The UK has always been a nation of exporters, from its products and services to its language, culture and music. However, according to the Confederation of British Industry, UK is performing poorly when it comes to SME-generated exports compared to exporting countries of comparable size.
Many small businesses worry that shipping overseas is not worth the time and effort. But UK Trade & Investment estimates that value of exports (EU and non-EU) increased to £24.9 billion in March this year, demonstrating the undeniable opportunity for SMEs who are willing to expand to new markets, whether in the EU or further afield.
On 24 June, the EU referendum resulted in a majority vote to leave. As a result, trading in the EU could see growing complexity in the coming years. The UK will transition from its current economic and trading relationship into a new, as yet unknown position. Therefore, it is not possible to quantify the effects, but there is the likelihood that new customs procedures will be implemented by UK and EU governments to allow for goods transported between the markets to come and go from the UK. UPS will closely monitor changes in applicable laws and provide brokerage, customs clearance and other services, along with our global integrated shipping network. Our aim is to ensure our customers have the least possible complexity when importing to, or exporting from, the U.K. and Europe.
Every business has, and will continue to have, the capacity to export, it’s simply a case of putting the right processes in place. There are a number of steps that businesses can take to start exporting, and thereby join the thousands of other UK SMEs who are successfully shipping their products across the globe.
There is no substitute for visiting potential markets and experiencing the local culture first hand. Getting to know your target market will be hugely helpful when preparing your delivery strategy, as it provides priceless insights into a market’s trading values. You can travel on your own or you can take part in an organised trade mission.

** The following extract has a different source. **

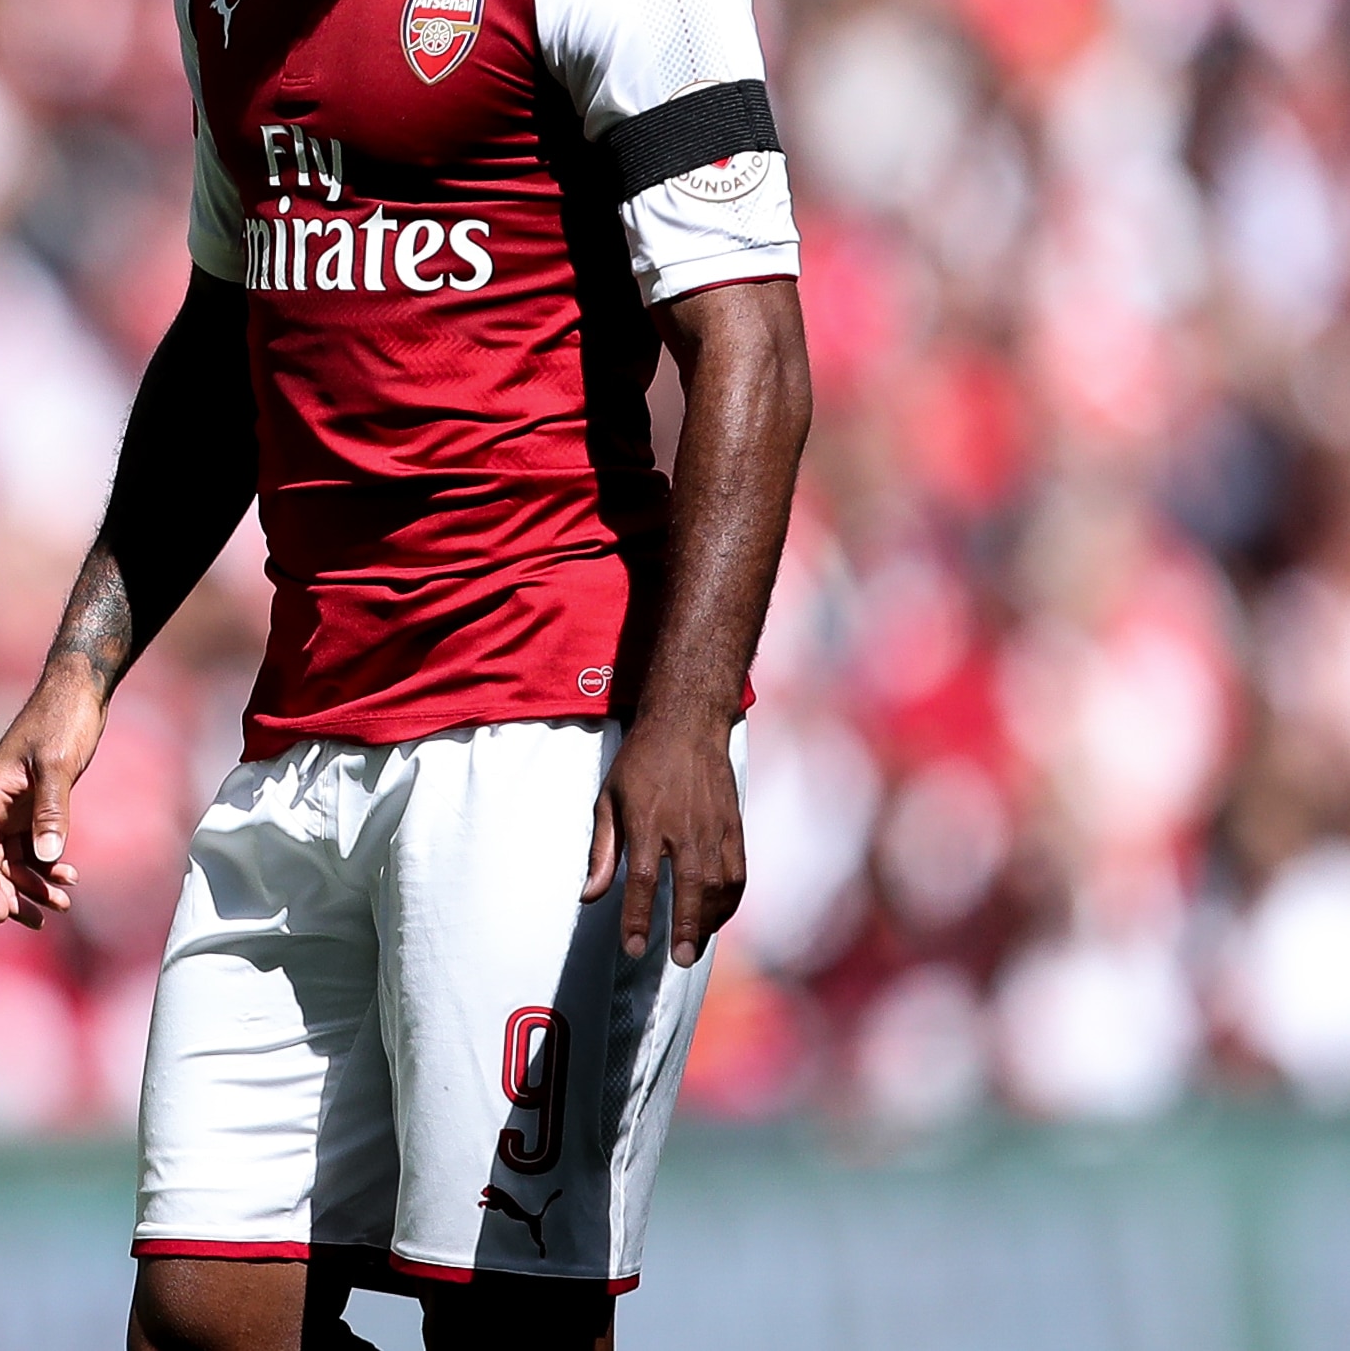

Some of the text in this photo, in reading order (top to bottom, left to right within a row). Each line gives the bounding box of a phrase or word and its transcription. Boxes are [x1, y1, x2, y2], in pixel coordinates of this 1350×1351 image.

[260, 124, 342, 202] Fly
[678, 155, 763, 193] OUNDATIO
[244, 195, 493, 291] mirates
[499, 1007, 570, 1175] 9

Governments and industry groups often organise trade missions, which provide an excellent opportunity for business owners to further explore a specific market. They can include useful activities such as ‘meet and greets’ with potential trade partners, as well as the opportunity to connect with local businesses, speak with other businesses about similar experiences, and assess the competition. This year UPS has already led two trade missions in partnership with Enterprise Nation, one to Ireland and a second to Germany, which include focused educational sessions in addition to networking opportunities – click here to view LCCI’s current missions.
Rules and regulations
It’s necessary to identify what the local laws and regulations are when exporting to a selected market. Although there is ‘free movement’ of goods within the EU, in some cases, paperwork may still be required for customs purposes to ensure that products can move across borders. And, while the US is a relatively open market, regulations and licensing requirements can vary on a state-by-state basis.

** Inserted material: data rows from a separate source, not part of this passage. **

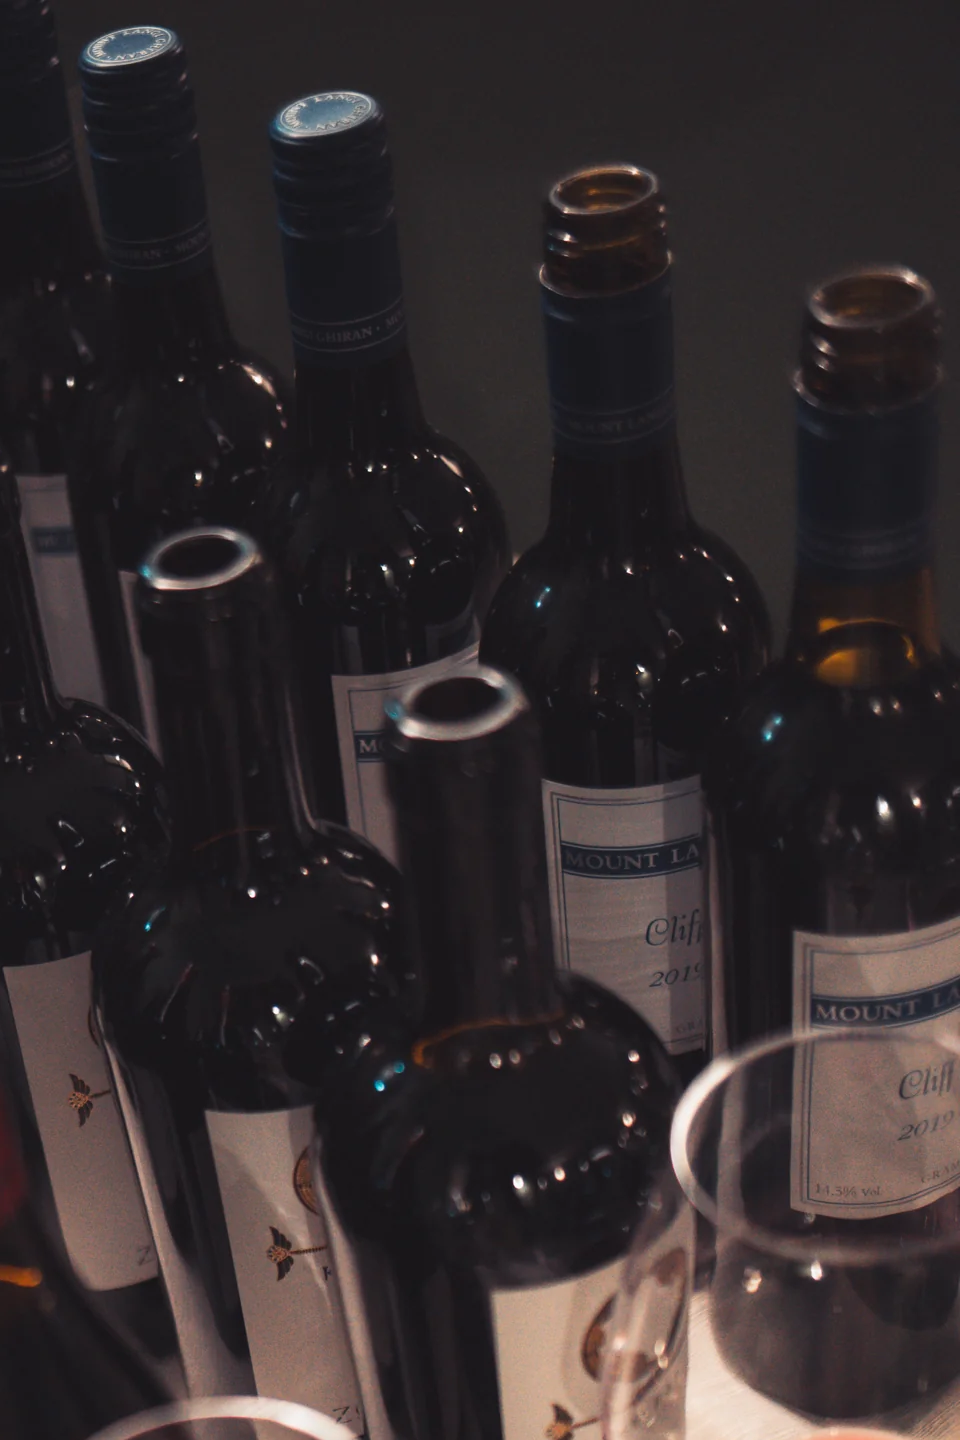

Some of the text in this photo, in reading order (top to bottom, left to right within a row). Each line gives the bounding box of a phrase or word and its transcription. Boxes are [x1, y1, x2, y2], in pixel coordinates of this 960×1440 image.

[315, 325, 373, 343] GHIRAN
[563, 848, 660, 871] MOUNT
[815, 998, 920, 1023] MOUNT
[897, 1109, 955, 1142] 2019
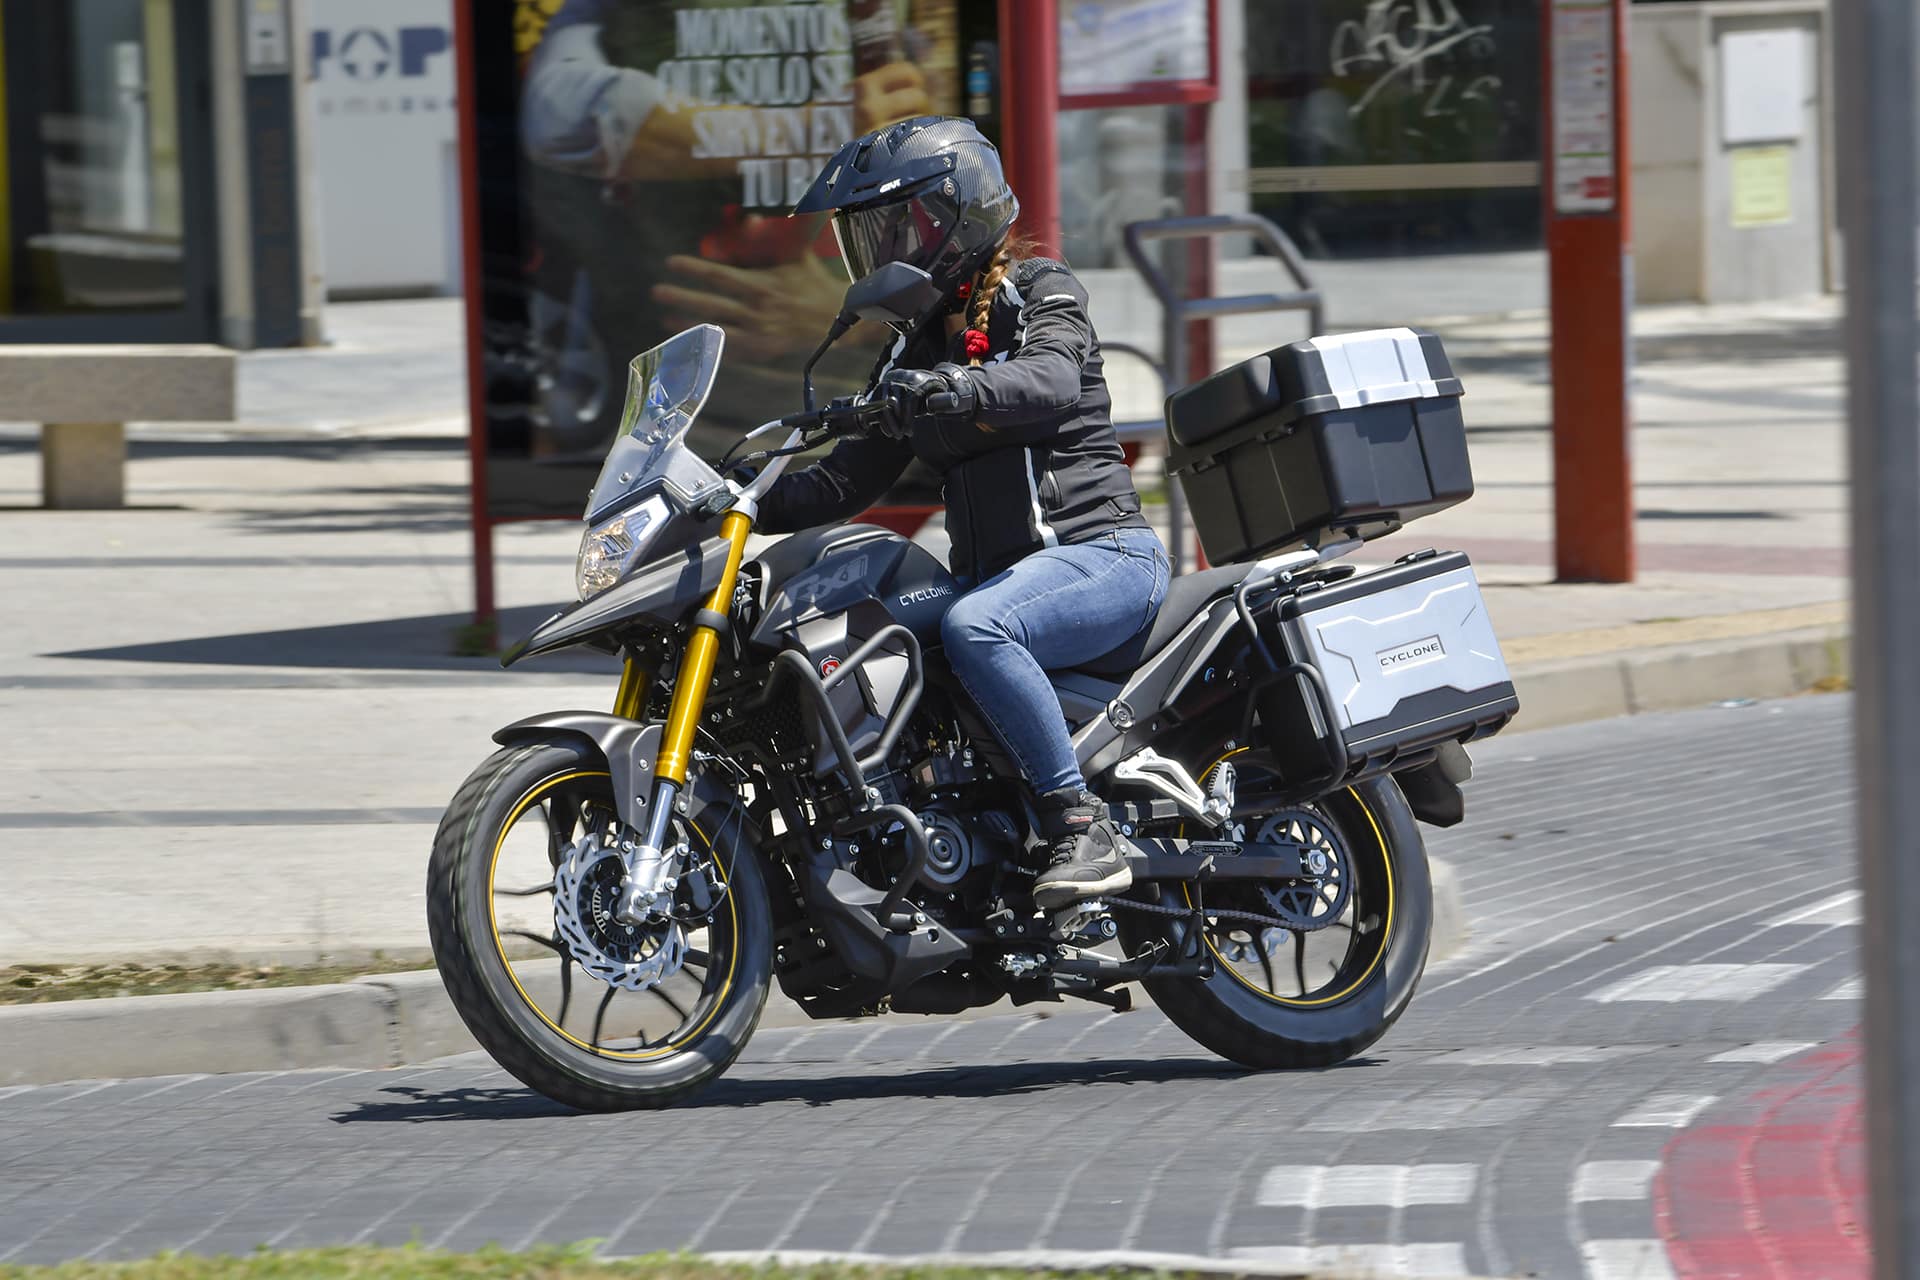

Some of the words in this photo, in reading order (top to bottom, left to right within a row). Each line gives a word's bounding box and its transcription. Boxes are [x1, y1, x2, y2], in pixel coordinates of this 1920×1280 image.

[675, 6, 851, 58] MOMENTOS
[656, 60, 722, 113] QUE
[725, 56, 811, 106] SOLO
[812, 54, 854, 103] SE
[811, 105, 854, 155] EN
[737, 159, 785, 208] TU
[899, 585, 952, 607] CYCLONE
[1380, 643, 1439, 666] CYCLONE

Regulations are also subject to change and it’s vital to remain up to date on these changes. This due diligence can help SMEs avoid expensive customs holdups and late deliveries. The recent change to the de minimis threshold for shipments to the U.S. is a great example, as UK businesses stand to benefit from an increase in the lower limit on imported items, making it easier to do business with the U.S. A great tool to help you keep on top of all rules and regulations is the UPS Export Toolkit.
Prepare for growth
Be sure to map out your supply chain from the start. Don’t underestimate the importance of how you will produce, warehouse and distribute your goods. The internet is a great leveller, especially for small businesses, because it can put you in touch with customers around the world. However, you do need to have the process in place behind the scenes to reach these customers quickly and at a reasonable rate.
Partnering with a logistics provider can be a good way to get the flexibility
you need to react quickly to shifting market needs. Gilo Industries Group, a world-leading manufacturer of paramotor aircraft and engines, worked with UPS to meet there logistics needs. Gilo now uses a fully automated system that helps them reduce transportation time and errors. It also allows them to keep their customers informed during the entire export chain with onscreen visibility and notifications, giving customers peace of mind.

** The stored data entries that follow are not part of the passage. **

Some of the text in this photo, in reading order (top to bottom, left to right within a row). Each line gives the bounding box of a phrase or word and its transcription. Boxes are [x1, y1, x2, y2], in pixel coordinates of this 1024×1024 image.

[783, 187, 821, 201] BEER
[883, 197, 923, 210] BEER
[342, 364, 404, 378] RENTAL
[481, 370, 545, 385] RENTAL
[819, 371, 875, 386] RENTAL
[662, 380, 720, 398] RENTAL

Partnering with a logistics company can also be useful for SMEs that are just starting to ship internationally. Services offered through UPS Today enable SMEs to guarantee that their overseas customers will receive items quickly and at a competitive rate. This can help differentiate you from your competitors.
Remember, it’s not just about getting your products to your customer. If someone from overseas is buying a product online they need to know they can return it easily if the product is not quite right. Returns are important in creating a positive customer experience and can play a significant role in driving purchases, repeat customers and brand loyalty. A key way that retailers can make returns more convenient for their customers is to prepare for them when the product is initially shipped. A strategy that is particularly valued by consumers is providing a pre-paid return label with the delivered product, just in case they change their mind.
So, while entering an unfamiliar market can be daunting, if done correctly it can be incredibly rewarding and profitable. By seizing new export opportunities and selling internationally to the EU and beyond, these business can build their own success and contribute to the broader economic success of the UK.